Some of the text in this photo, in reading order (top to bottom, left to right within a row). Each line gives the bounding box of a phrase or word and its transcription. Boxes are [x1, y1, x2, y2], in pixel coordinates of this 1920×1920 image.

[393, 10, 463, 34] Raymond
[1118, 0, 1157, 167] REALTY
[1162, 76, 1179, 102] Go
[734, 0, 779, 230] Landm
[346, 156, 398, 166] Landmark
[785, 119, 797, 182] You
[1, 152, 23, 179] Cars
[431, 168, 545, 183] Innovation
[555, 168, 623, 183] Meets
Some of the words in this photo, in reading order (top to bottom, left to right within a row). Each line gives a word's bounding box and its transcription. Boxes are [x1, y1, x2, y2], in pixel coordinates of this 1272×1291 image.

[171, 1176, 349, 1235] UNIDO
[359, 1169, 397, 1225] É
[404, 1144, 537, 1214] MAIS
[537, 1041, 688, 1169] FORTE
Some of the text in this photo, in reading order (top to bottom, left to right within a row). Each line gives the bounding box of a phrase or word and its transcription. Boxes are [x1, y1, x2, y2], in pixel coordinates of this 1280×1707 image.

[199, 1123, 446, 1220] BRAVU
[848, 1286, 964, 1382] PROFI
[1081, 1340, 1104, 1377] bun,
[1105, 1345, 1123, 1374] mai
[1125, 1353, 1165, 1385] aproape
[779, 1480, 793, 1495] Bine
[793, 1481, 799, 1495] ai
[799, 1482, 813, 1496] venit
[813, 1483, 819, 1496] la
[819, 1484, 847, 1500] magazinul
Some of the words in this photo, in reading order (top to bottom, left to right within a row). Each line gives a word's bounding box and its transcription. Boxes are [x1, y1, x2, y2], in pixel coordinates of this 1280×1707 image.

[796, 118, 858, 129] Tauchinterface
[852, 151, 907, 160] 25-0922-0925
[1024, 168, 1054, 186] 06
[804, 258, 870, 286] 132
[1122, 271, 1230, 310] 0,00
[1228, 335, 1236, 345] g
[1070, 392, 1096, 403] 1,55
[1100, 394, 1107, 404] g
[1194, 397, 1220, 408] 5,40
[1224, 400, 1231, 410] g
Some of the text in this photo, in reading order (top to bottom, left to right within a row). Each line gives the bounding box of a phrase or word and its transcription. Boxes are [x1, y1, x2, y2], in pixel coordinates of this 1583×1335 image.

→ **What you have to do**
Extract the complete listing above, reproducing each line exactly.

→ **Task output**
Some of the text in this photo, in reading order (top to bottom, left to right within a row). Each line gives the bounding box of a phrase or word and its transcription. Boxes are [x1, y1, x2, y2], in pixel coordinates of this 1920×1920 image.

[393, 10, 463, 34] Raymond
[1118, 0, 1157, 167] REALTY
[1162, 76, 1179, 102] Go
[734, 0, 779, 230] Landm
[346, 156, 398, 166] Landmark
[785, 119, 797, 182] You
[1, 152, 23, 179] Cars
[431, 168, 545, 183] Innovation
[555, 168, 623, 183] Meets
Some of the words in this photo, in reading order (top to bottom, left to right within a row). Each line gives a word's bounding box and its transcription. Boxes are [x1, y1, x2, y2], in pixel coordinates of this 1272×1291 image.

[171, 1176, 349, 1235] UNIDO
[359, 1169, 397, 1225] É
[404, 1144, 537, 1214] MAIS
[537, 1041, 688, 1169] FORTE
Some of the text in this photo, in reading order (top to bottom, left to right within a row). Each line gives the bounding box of a phrase or word and its transcription. Boxes are [x1, y1, x2, y2], in pixel coordinates of this 1280×1707 image.

[199, 1123, 446, 1220] BRAVU
[848, 1286, 964, 1382] PROFI
[1081, 1340, 1104, 1377] bun,
[1105, 1345, 1123, 1374] mai
[1125, 1353, 1165, 1385] aproape
[779, 1480, 793, 1495] Bine
[793, 1481, 799, 1495] ai
[799, 1482, 813, 1496] venit
[813, 1483, 819, 1496] la
[819, 1484, 847, 1500] magazinul
Some of the words in this photo, in reading order (top to bottom, left to right within a row). Each line gives a word's bounding box and its transcription. Boxes are [x1, y1, x2, y2], in pixel coordinates of this 1280×1707 image.

[796, 118, 858, 129] Tauchinterface
[852, 151, 907, 160] 25-0922-0925
[1024, 168, 1054, 186] 06
[804, 258, 870, 286] 132
[1122, 271, 1230, 310] 0,00
[1228, 335, 1236, 345] g
[1070, 392, 1096, 403] 1,55
[1100, 394, 1107, 404] g
[1194, 397, 1220, 408] 5,40
[1224, 400, 1231, 410] g
Some of the text in this photo, in reading order (top to bottom, left to right within a row). Each line gives the bounding box of a phrase or word and its transcription. Boxes are [x1, y1, x2, y2], in pixel coordinates of this 1583×1335 image.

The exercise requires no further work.